Tax Avoidance Alive and Well in Europe

Tax Avoidance Alive and Well in Europe

The Multilateral Convention to Implement Tax Treaty Related Measures to Prevent Base Erosion and Profit Shifting (BEPS) marks the culmination of a project that began some five years ago to save between $100bn-$240bn of taxes currently estimated to be avoided by multi-national corporations such as Apple, Amazon and Alphabet.


The FT recently reminded its readers that the project of defending the European tax base against the planning schemes of large US corporates is thriving.

The range of tools available to these companies is broad and includes the creative use of hybrid entities, interest expense allocation, royalty payments in respect of intellectual property and the location of strategically structured corporate entities in low-tax jurisdictions such as Ireland, Luxembourg and Singapore.

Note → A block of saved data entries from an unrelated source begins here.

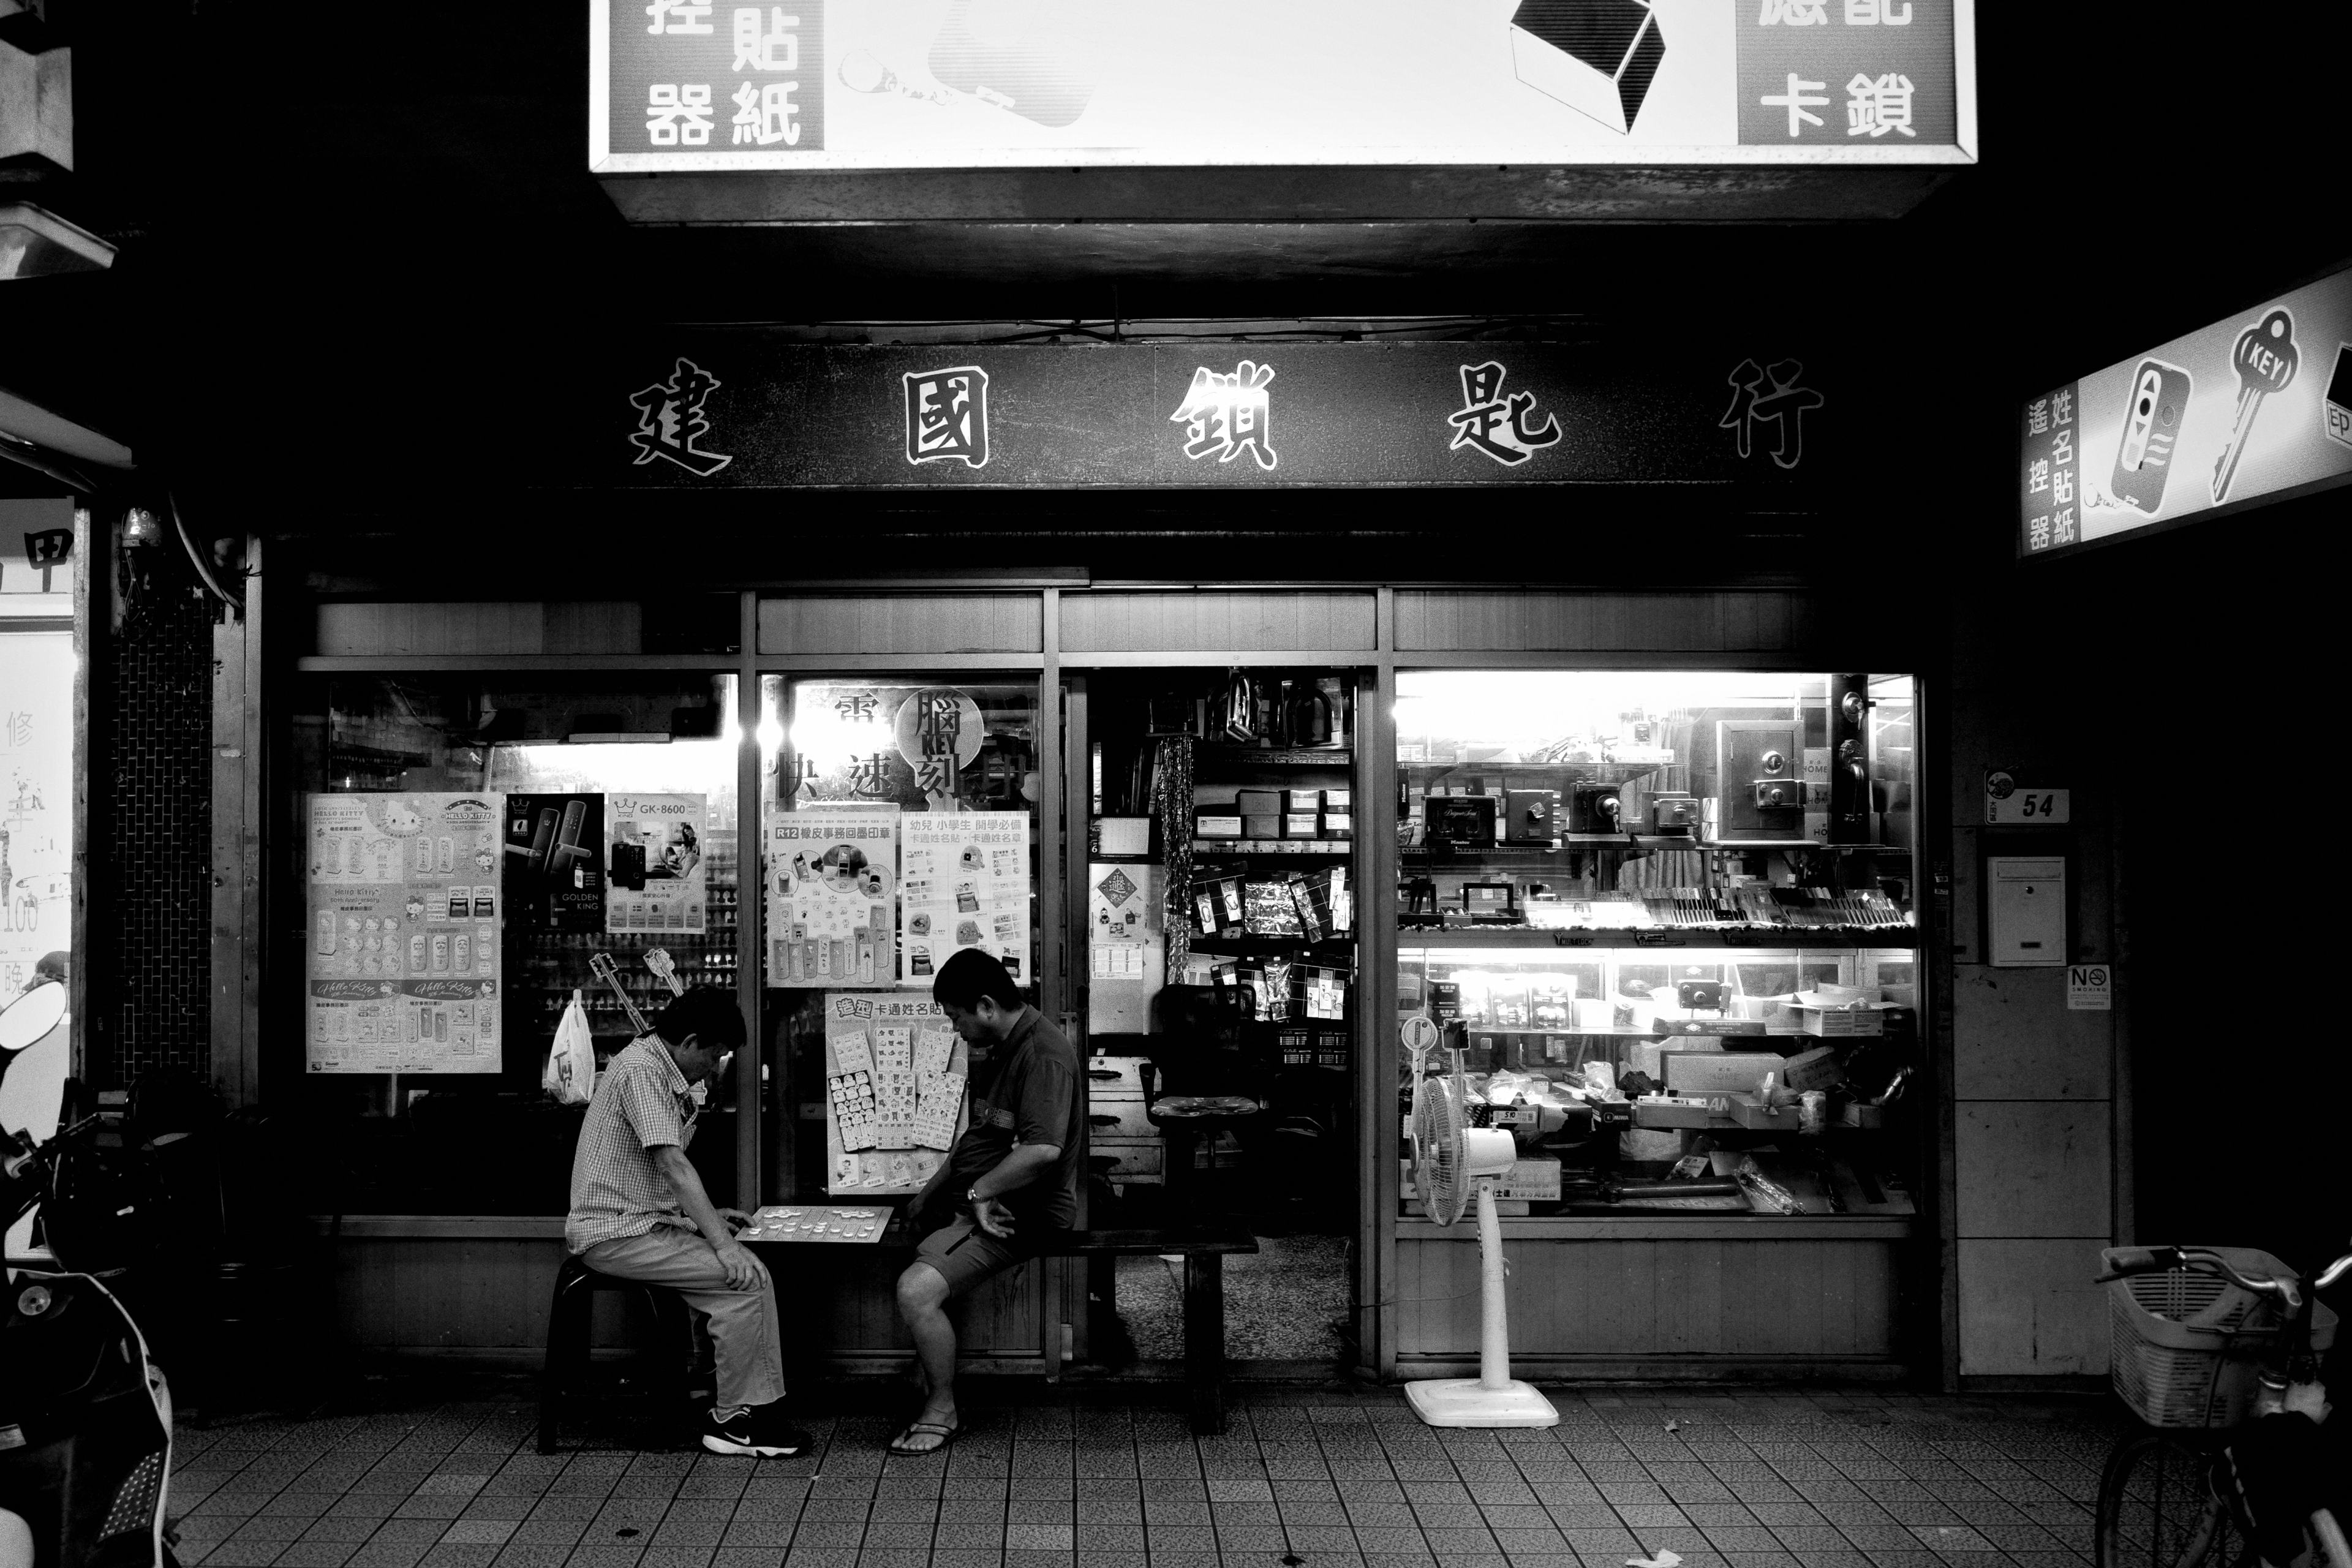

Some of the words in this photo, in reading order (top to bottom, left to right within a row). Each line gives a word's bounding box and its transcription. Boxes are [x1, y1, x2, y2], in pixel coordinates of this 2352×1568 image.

[2248, 341, 2285, 381] KEY
[628, 356, 1826, 473] 建國鎖匙行
[2051, 388, 2075, 545] 姓名貼紙
[921, 734, 958, 756] KEY
[773, 752, 1028, 800] 快速刻印
[639, 804, 686, 815] GK-8600
[2022, 794, 2054, 817] 54
[909, 820, 932, 831] 幼兒
[936, 819, 971, 831] 小學生
[975, 819, 1022, 831] 開學必備
[777, 829, 797, 838] R12
[800, 827, 891, 840] 橡皮事務回墨印章
[356, 888, 375, 897] Kitty
[562, 893, 599, 902] GOLDEN
[576, 902, 599, 911] KING
[317, 982, 348, 995] Hello
[349, 981, 377, 997] Kitty
[415, 981, 446, 995] Hello
[447, 981, 476, 996] Kitty

The BEPS report, agreed in 2015, contains some fifteen action items that will keep its project team and external tax advisors busy for some time and provide a roadmap for Margrethe Vestager, European Commissioner for Competition, to continue the good fight.
It is worth looking at a few of these action items – they are frequently discussed in the financial press.



The Opportunities of a Digital Economy

 



The emergence of the digital economy and the ability of companies to deliver products of value online have created dislocations that current systems of taxation are not well suited to deal with. Collecting sales tax on items sold by Amazon was an early example. Before Amazon itself agreed to collect sales tax at source, enforcement was virtually impossible.


Cryptocurrencies are another example. Without the banking system to supervise reporting thresholds, the ability to track and therefore tax transactions involving payment in cryptocurrencies is challenging.


Netflix reports approximately 6.5m subscribers in the UK. At an average of £7.99 per month, this suggests revenues should be over £500m. Netflix reported just under £20m of revenues in the UK in 2016 and just under £19m in costs based on 14 employees. In other words, the value generated for Netflix in the UK is not even close to being reflected in the taxable income it reports to the Inland Revenue.



Creative Use of Hybrid Entities

 



The term is not as mysterious as it sounds at first. A limited liability company (LLC) sounds as if it is a corporation and, therefore, subject to a corporate tax regime. It may not be. In the US, taxpayers may elect to treat such a corporation as a partnership for tax purposes. It is possible to arbitrage those arrangements by setting up a company that, for example, is treated as a corporation in France, is owned by a Dutch intermediate holding company and, for US purposes, is treated as a flow-through entity.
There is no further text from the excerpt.